:: How to complete this task ::
Could you copy the records below exactly, leaving out any pictures they include?

=== Begin Enclosure ===

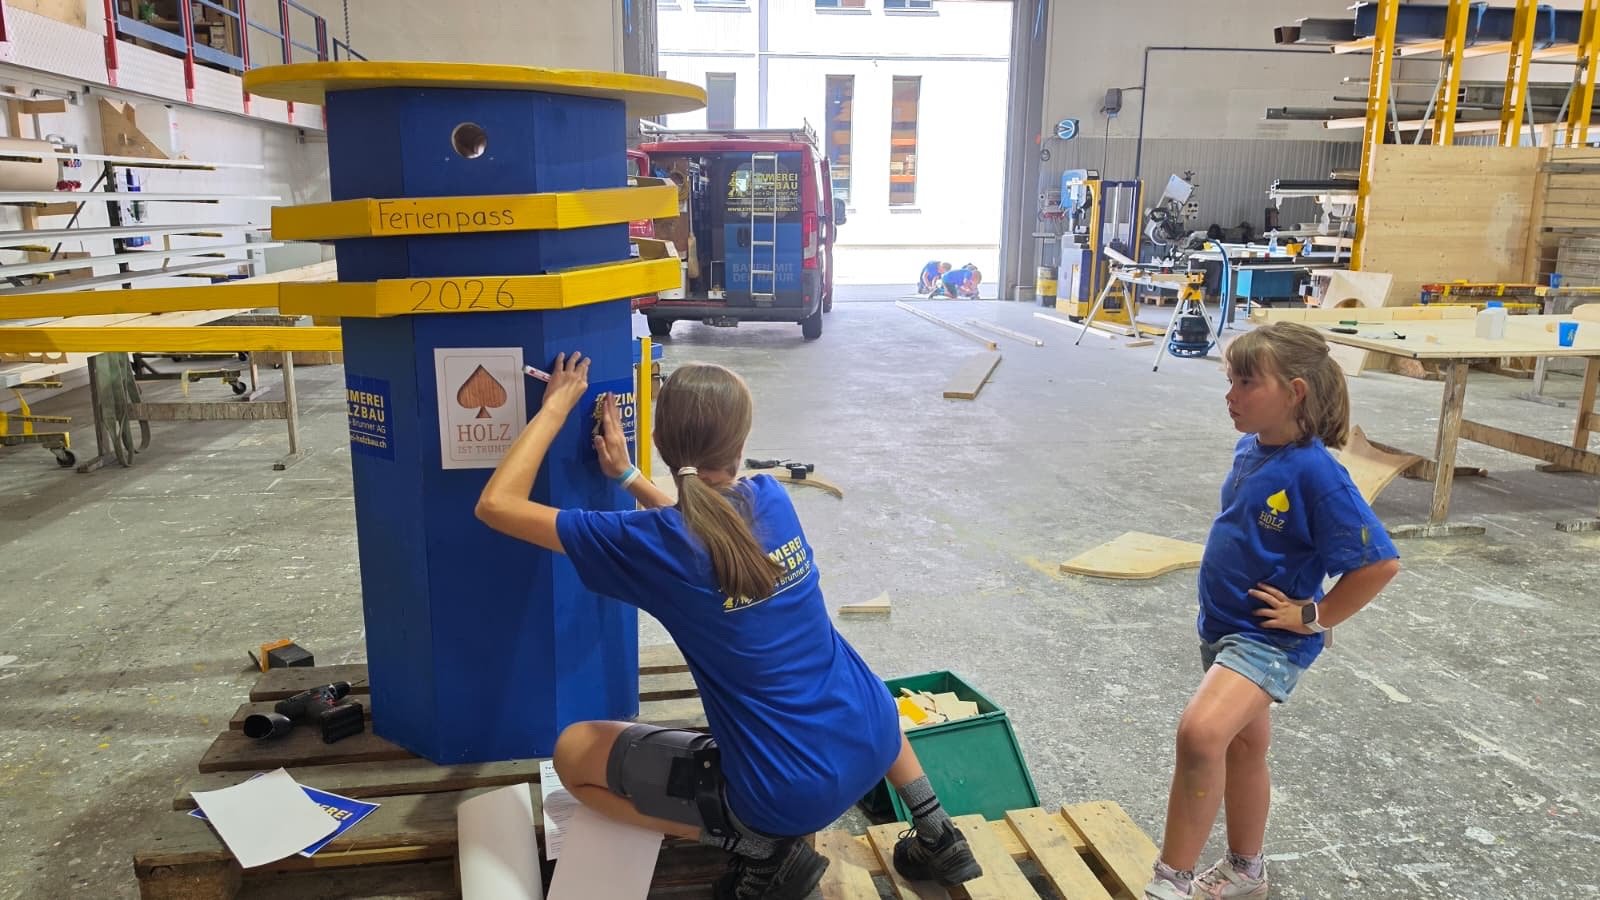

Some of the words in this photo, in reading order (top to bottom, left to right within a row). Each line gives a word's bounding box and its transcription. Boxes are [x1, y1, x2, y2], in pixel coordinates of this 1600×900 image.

[378, 201, 515, 232] Ferienpass
[410, 280, 514, 311] 2026
[376, 425, 386, 434] AG
[456, 423, 512, 442] HOLZ
[1259, 511, 1285, 528] HOLZ

=== End Enclosure ===

:: Answer to the problem ::
Some of the words in this photo, in reading order (top to bottom, left to right within a row). Each line gives a word's bounding box and its transcription. Boxes are [x1, y1, x2, y2], in pixel coordinates of this 1600×900 image.

[378, 201, 515, 232] Ferienpass
[410, 280, 514, 311] 2026
[376, 425, 386, 434] AG
[456, 423, 512, 442] HOLZ
[1259, 511, 1285, 528] HOLZ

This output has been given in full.